Healthcare Data Access and Portability (HDAP)
Healthcare data access barriers cost hospitals millions while complicating patient care and long-term accountability. Smarter portability standards and clearer protections can strengthen healthcare systems nationwide.
The Problem
Hospitals are legally required to retain patient data for years after care is delivered. But much of that data remains trapped inside outdated legacy systems that have already been replaced operationally.
Because access to these systems is often controlled by vendors with proprietary technology, hospitals can face ongoing and largely unregulated costs simply to maintain access to their own historical patient records.
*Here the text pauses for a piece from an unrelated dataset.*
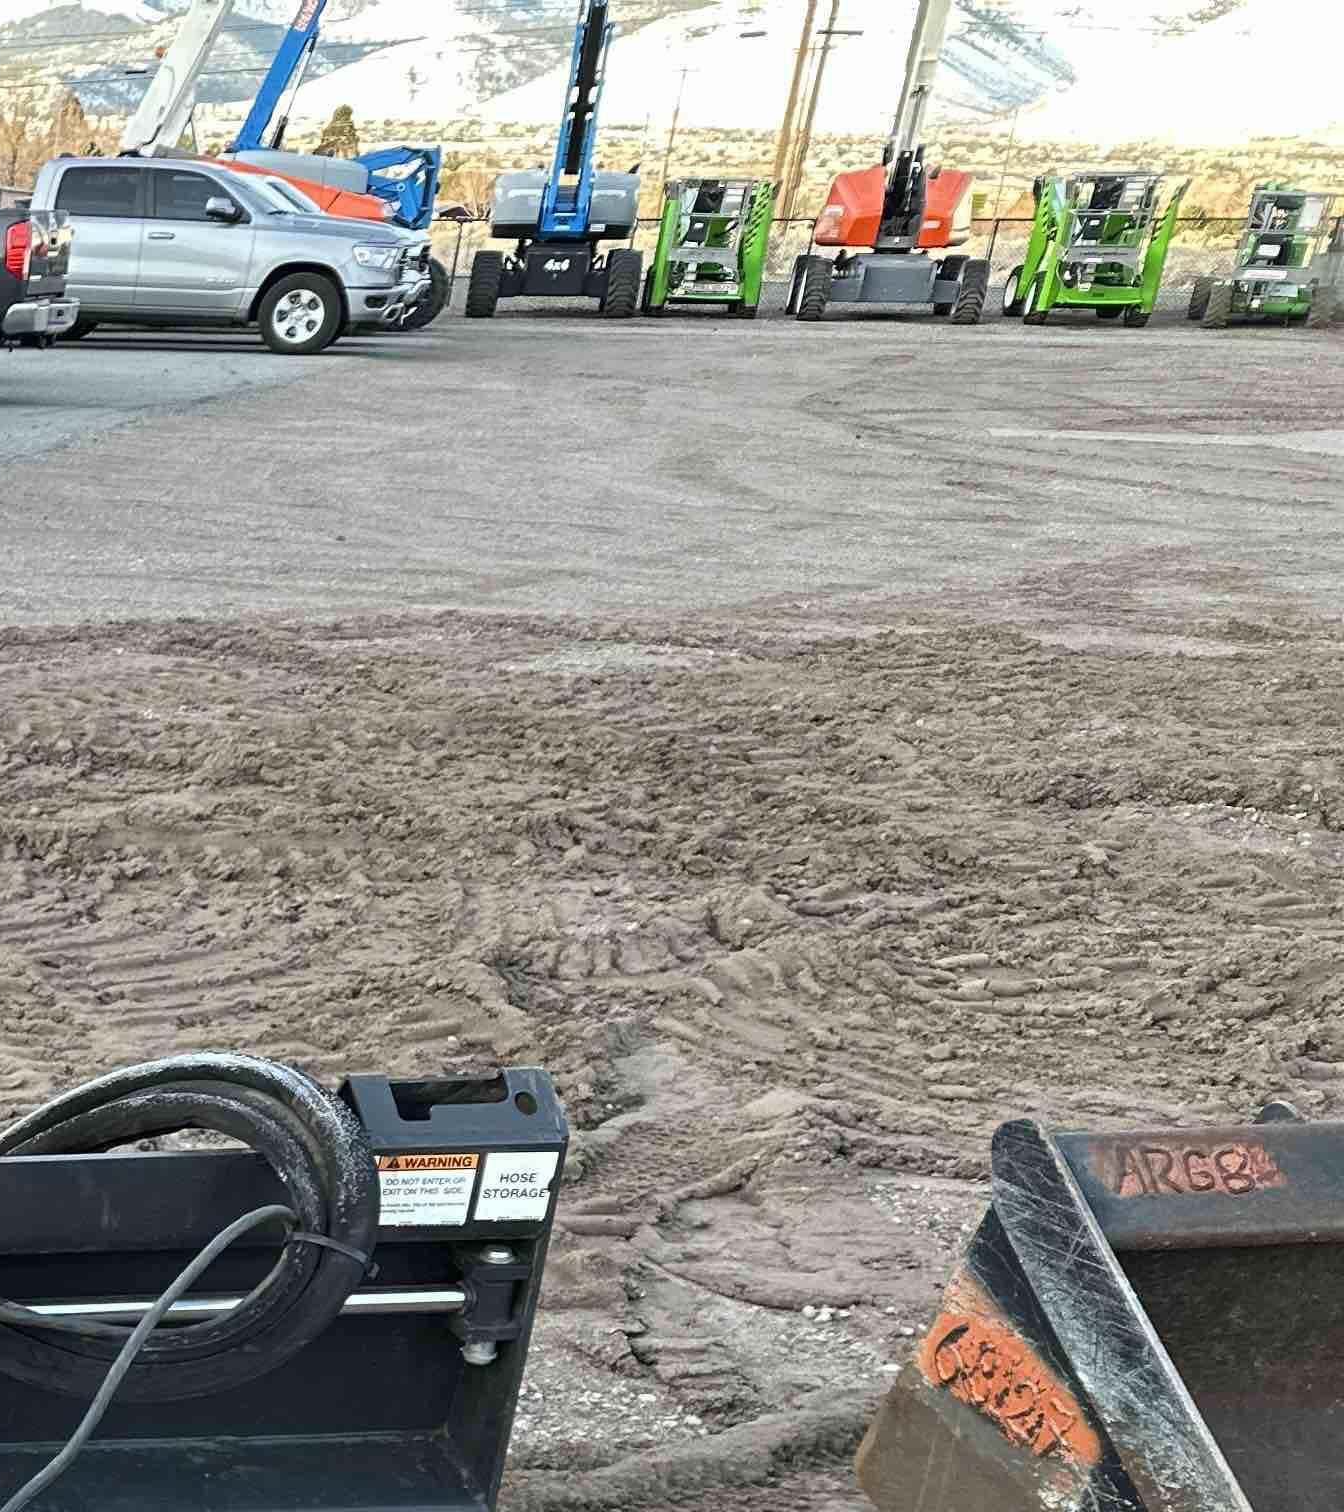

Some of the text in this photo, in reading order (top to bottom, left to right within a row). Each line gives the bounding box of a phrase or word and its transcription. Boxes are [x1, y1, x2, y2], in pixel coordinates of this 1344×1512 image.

[404, 1156, 473, 1169] WARNING
[499, 1172, 538, 1183] HOSE
[482, 1188, 549, 1199] STORAGE
Across the healthcare industry, those costs total millions of dollars annually.
The Impact
Healthcare organizations become trapped in expensive maintenance cycles — spending significant resources preserving outdated infrastructure instead of investing in modernization, patient care, cybersecurity, interoperability, and future systems.
The Solution
A modern healthcare data portability framework could:
prohibit excessive legacy data access fees,
establish reasonable portability standards for historical patient data,
define exploitative legacy access practices as a form of information blocking,
and support a more interoperable and resilient healthcare data ecosystem.
Why Now?
Federal healthcare policy is increasingly focused on interoperability, transparency, and enforcement of information blocking rules. At the same time, hospitals across the country continue paying enormous sums simply to access and preserve data they are already legally responsible for maintaining.